Text in the records must be reproduced exactly, and pictures must be skipped.

[Annotated photo localization data]
------------------------------------------------------------

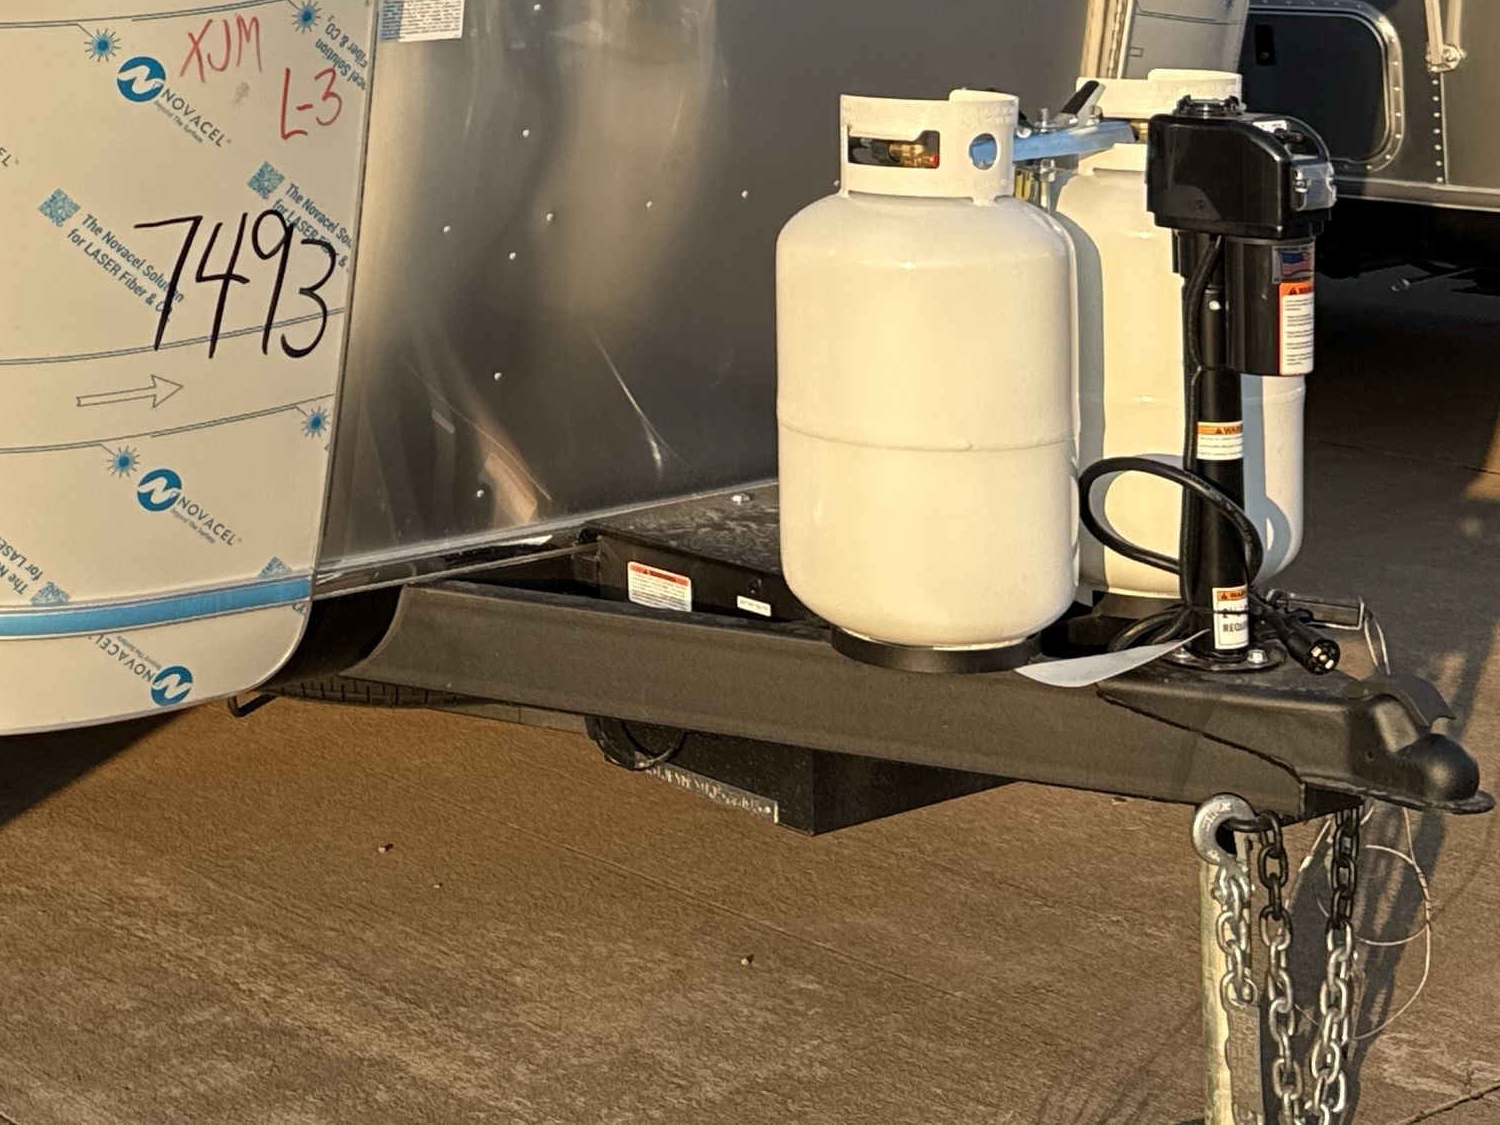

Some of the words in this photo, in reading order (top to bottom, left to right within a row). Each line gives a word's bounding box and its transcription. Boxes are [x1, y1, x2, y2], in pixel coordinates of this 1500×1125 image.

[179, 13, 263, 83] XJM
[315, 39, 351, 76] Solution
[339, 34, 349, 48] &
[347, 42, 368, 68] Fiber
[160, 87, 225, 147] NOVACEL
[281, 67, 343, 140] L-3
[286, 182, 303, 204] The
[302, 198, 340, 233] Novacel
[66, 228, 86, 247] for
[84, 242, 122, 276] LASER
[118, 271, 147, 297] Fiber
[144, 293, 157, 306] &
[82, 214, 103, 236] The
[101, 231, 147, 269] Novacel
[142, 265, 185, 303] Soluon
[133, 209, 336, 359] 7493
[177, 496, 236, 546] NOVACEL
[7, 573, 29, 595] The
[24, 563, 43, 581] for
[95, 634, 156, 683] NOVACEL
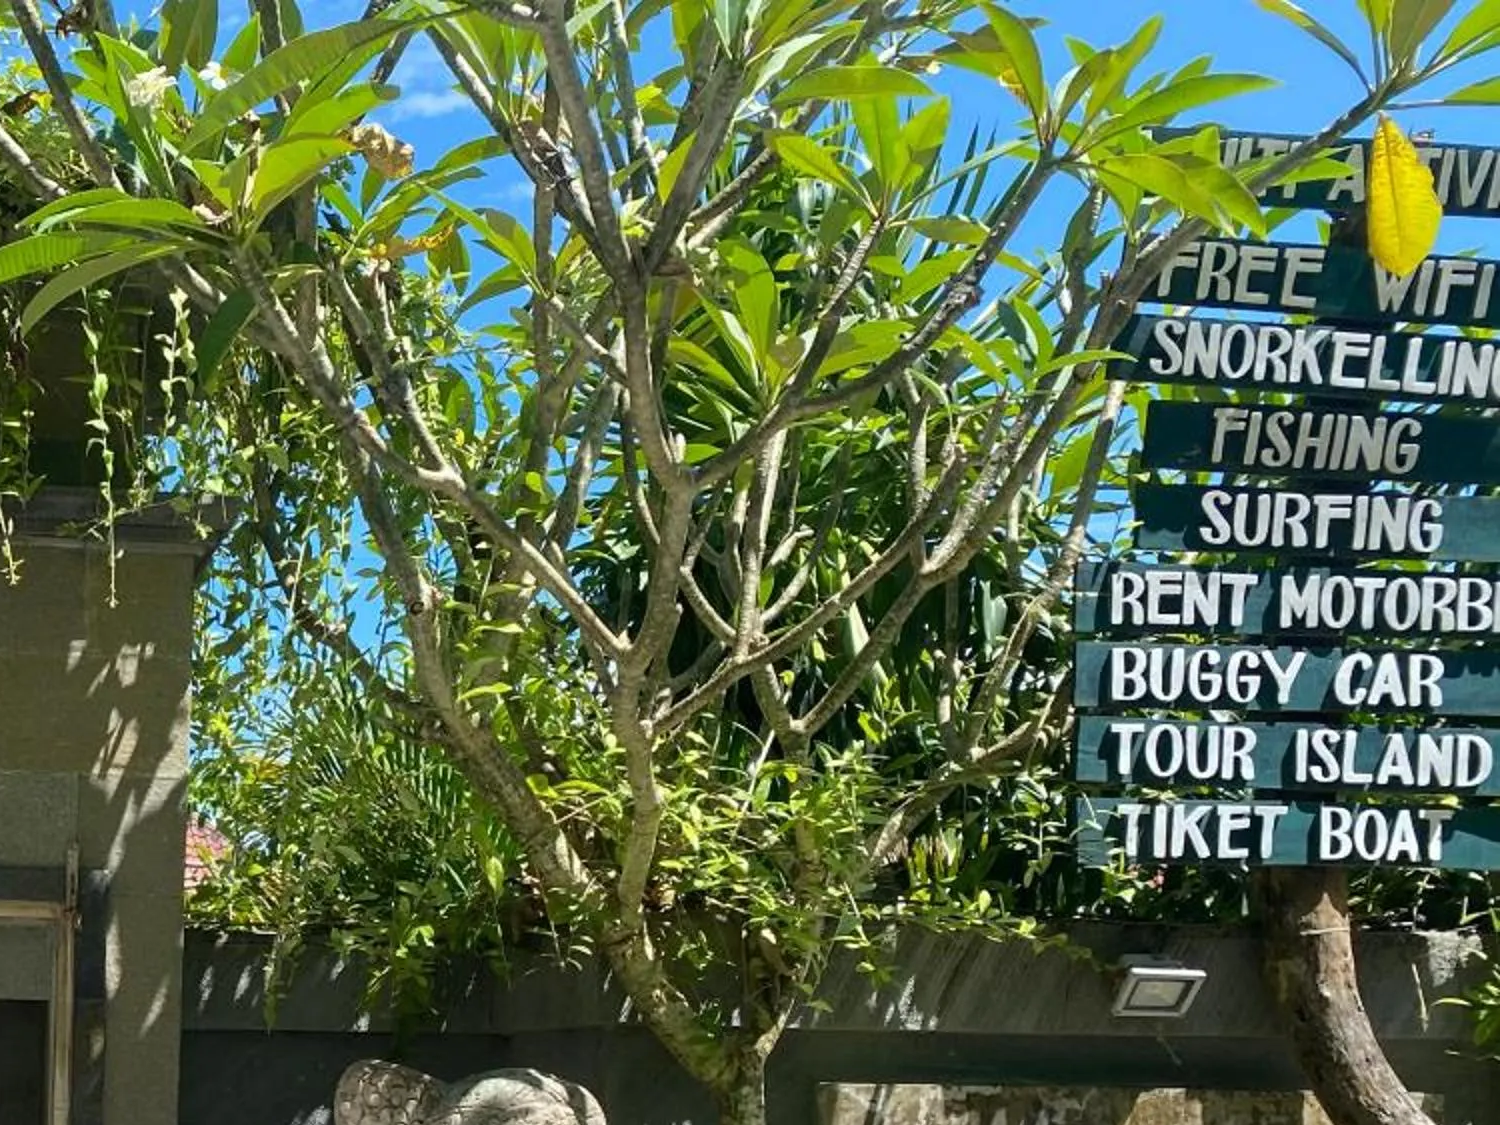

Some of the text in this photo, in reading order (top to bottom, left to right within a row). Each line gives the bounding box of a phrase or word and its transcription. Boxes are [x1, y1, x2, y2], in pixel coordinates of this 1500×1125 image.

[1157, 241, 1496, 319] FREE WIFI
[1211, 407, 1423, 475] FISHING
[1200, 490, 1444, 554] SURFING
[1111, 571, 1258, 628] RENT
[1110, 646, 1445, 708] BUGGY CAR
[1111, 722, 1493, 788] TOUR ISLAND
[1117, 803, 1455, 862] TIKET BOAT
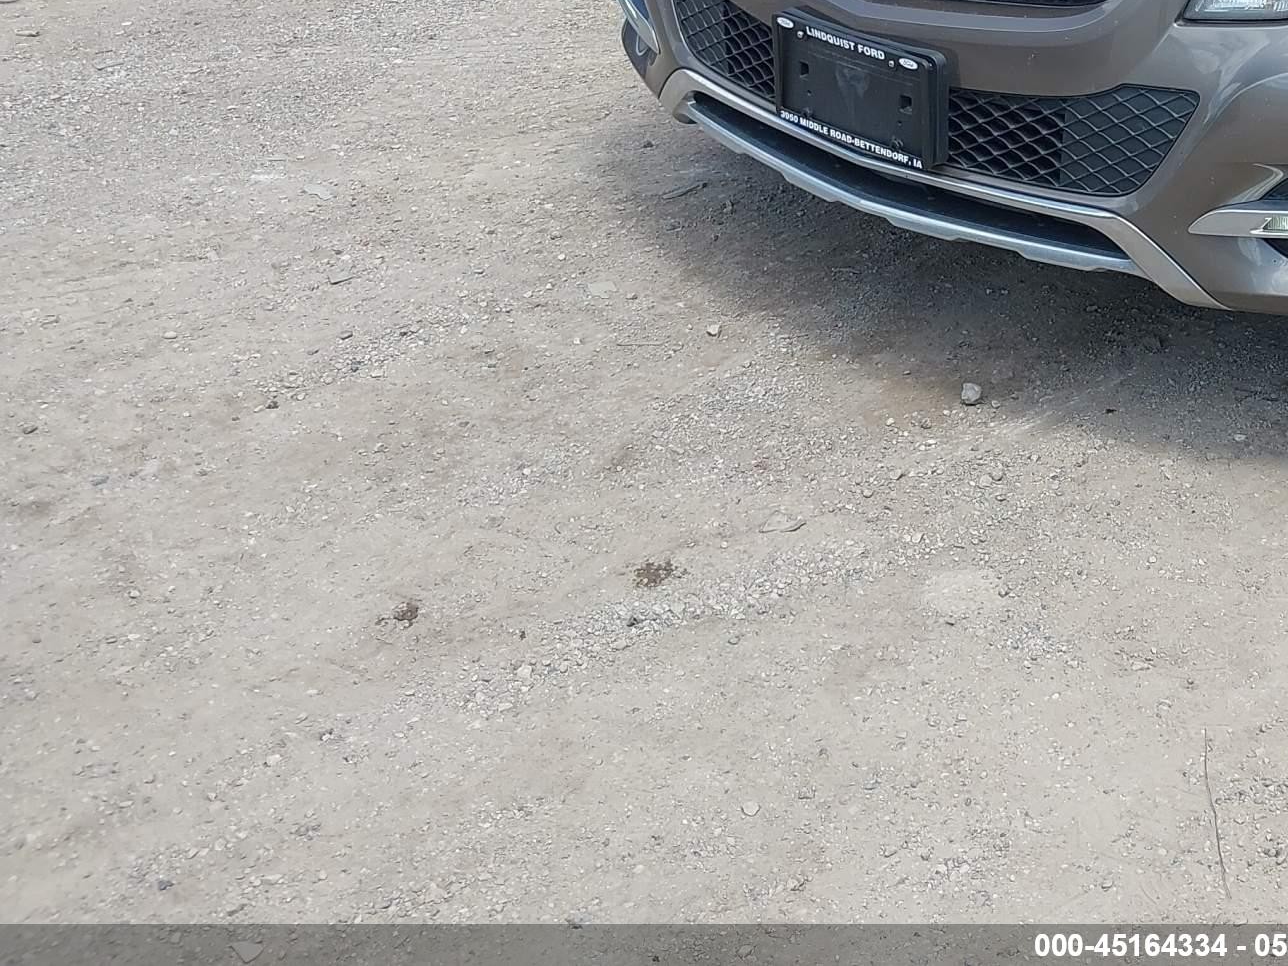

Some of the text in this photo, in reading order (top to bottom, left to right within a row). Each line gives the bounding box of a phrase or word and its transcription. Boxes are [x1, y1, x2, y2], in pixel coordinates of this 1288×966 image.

------------------------------------------------------------

* RESULT OF THE EXERCISE:
Some of the words in this photo, in reading order (top to bottom, left to right within a row). Each line gives a word's bounding box and its transcription. Boxes are [x1, y1, x2, y2], in pixel coordinates of this 1500×1125 image.

[179, 13, 263, 83] XJM
[315, 39, 351, 76] Solution
[339, 34, 349, 48] &
[347, 42, 368, 68] Fiber
[160, 87, 225, 147] NOVACEL
[281, 67, 343, 140] L-3
[286, 182, 303, 204] The
[302, 198, 340, 233] Novacel
[66, 228, 86, 247] for
[84, 242, 122, 276] LASER
[118, 271, 147, 297] Fiber
[144, 293, 157, 306] &
[82, 214, 103, 236] The
[101, 231, 147, 269] Novacel
[142, 265, 185, 303] Soluon
[133, 209, 336, 359] 7493
[177, 496, 236, 546] NOVACEL
[7, 573, 29, 595] The
[24, 563, 43, 581] for
[95, 634, 156, 683] NOVACEL

Some of the text in this photo, in reading order (top to bottom, left to right within a row). Each line gives the bounding box of a phrase or word and its transcription. Boxes are [x1, y1, x2, y2], in pixel coordinates of this 1500×1125 image.

[1157, 241, 1496, 319] FREE WIFI
[1211, 407, 1423, 475] FISHING
[1200, 490, 1444, 554] SURFING
[1111, 571, 1258, 628] RENT
[1110, 646, 1445, 708] BUGGY CAR
[1111, 722, 1493, 788] TOUR ISLAND
[1117, 803, 1455, 862] TIKET BOAT

Some of the text in this photo, in reading order (top to bottom, left to right within a row). Each line gives the bounding box of a phrase or word and its transcription. Boxes are [x1, y1, x2, y2], in pixel coordinates of this 1288×966 image.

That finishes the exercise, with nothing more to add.